Nos conseils ont réalisé un gros travail, qu’il s’agisse de la valorisation, du dossier de présentation, ou du ciblage et du choix des potentiels acquéreurs. Ils ont eu une très bonne appréhension de ce qu’est une entreprise familiale de campagne. Enfin, ils ont su nous laisser la maîtrise totale du dossier, tout en opérant dans l’ombre sur les aspects techniques pendant plus de quatre mois.
Certes, ces conseils ont un coût, mais quand on a à faire à des gens compétents, on ne le regrette pas.
Dans une opération de cession il y’a l’argent d’une part, et la réussite du projet de l’autre.
Quelles ont pu être les difficultés rencontrées au cours de cette opération ?
Même en anticipant la cession de son entreprise, il y’a beaucoup de choses auxquelles on n’est pas préparé.
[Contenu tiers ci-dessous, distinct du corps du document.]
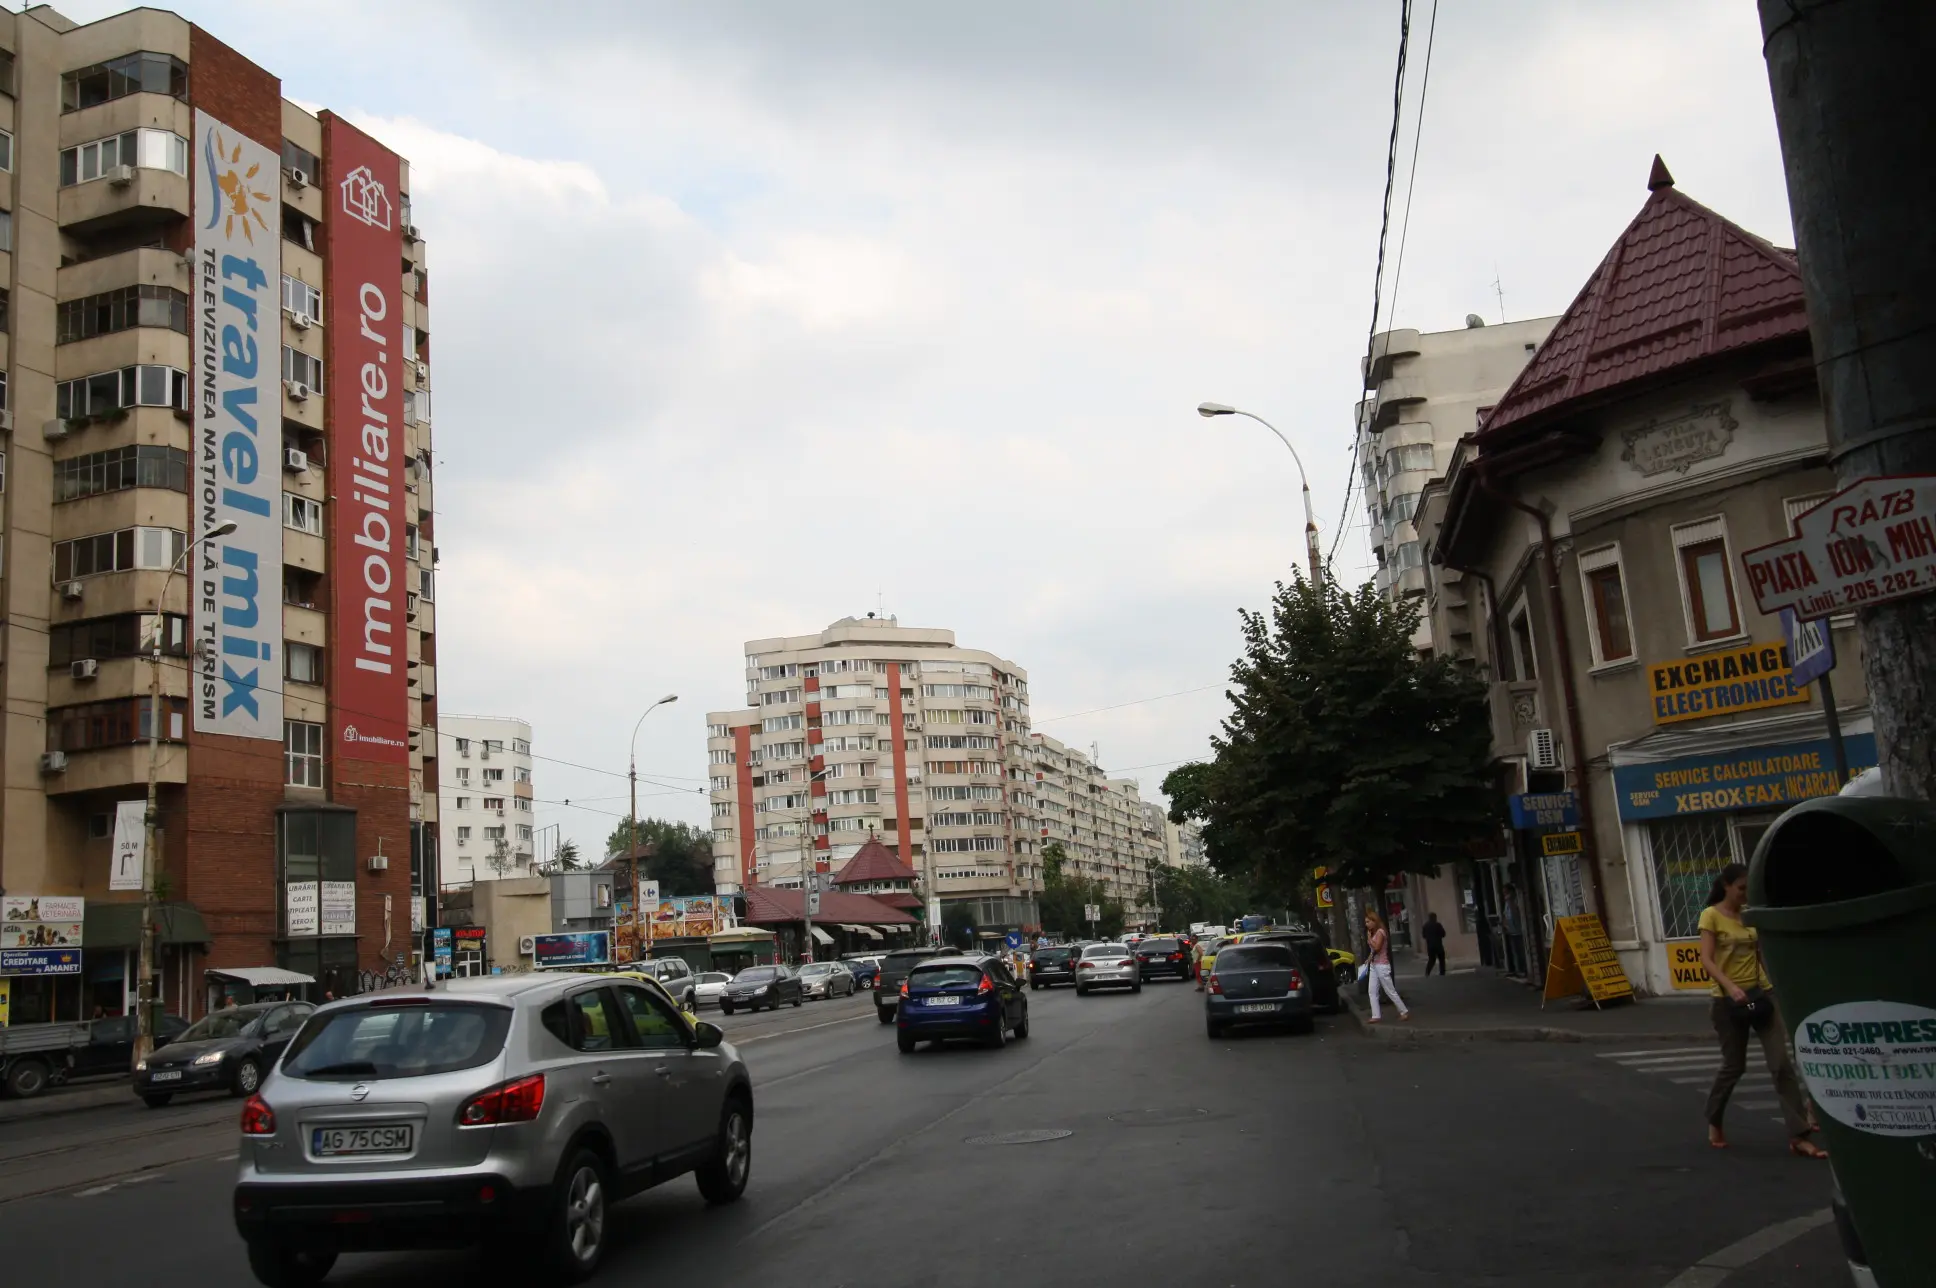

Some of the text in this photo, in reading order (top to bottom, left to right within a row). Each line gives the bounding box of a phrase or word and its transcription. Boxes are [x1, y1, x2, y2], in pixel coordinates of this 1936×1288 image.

Par exemple, nous n’avions pas imaginé l’épaisseur des renseignements à fournir pour l’évaluation, le montage du dossier de présentation, ainsi qu’au cours de l’opération.
La gestion quotidienne de l’entreprise en parallèle de l’opération de cession a également été éprouvante.
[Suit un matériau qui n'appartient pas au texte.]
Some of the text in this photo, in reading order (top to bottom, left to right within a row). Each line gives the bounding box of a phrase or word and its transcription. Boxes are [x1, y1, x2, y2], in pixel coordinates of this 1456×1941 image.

Même très bien accompagné par mon expert-comptable et mon conseil juridique, cela a représenté une surcharge de travail considérable!
Et puis, il y’a également tous les nouveaux termes qui vous sont inconnus, les rapports de 150 pages qu’il vous faut lire en détail... Heureusement que mon fils était à mes côtés et que nous avons été bien conseillés dans cette affaire-là, ce qui fait qu’elle est allée à son terme.
Comment ont réagi vos collaborateurs et vos salariés à l’annonce de la cession de Négo Transports ?
Ils étaient inquiets. Ils craignaient que j’abandonne la société au bout de 6 mois alors que j’avais prévu un accompagnement long. C’est une crainte légitime quand une société de 100 personnes est reprise par un groupe de 1300 personnes.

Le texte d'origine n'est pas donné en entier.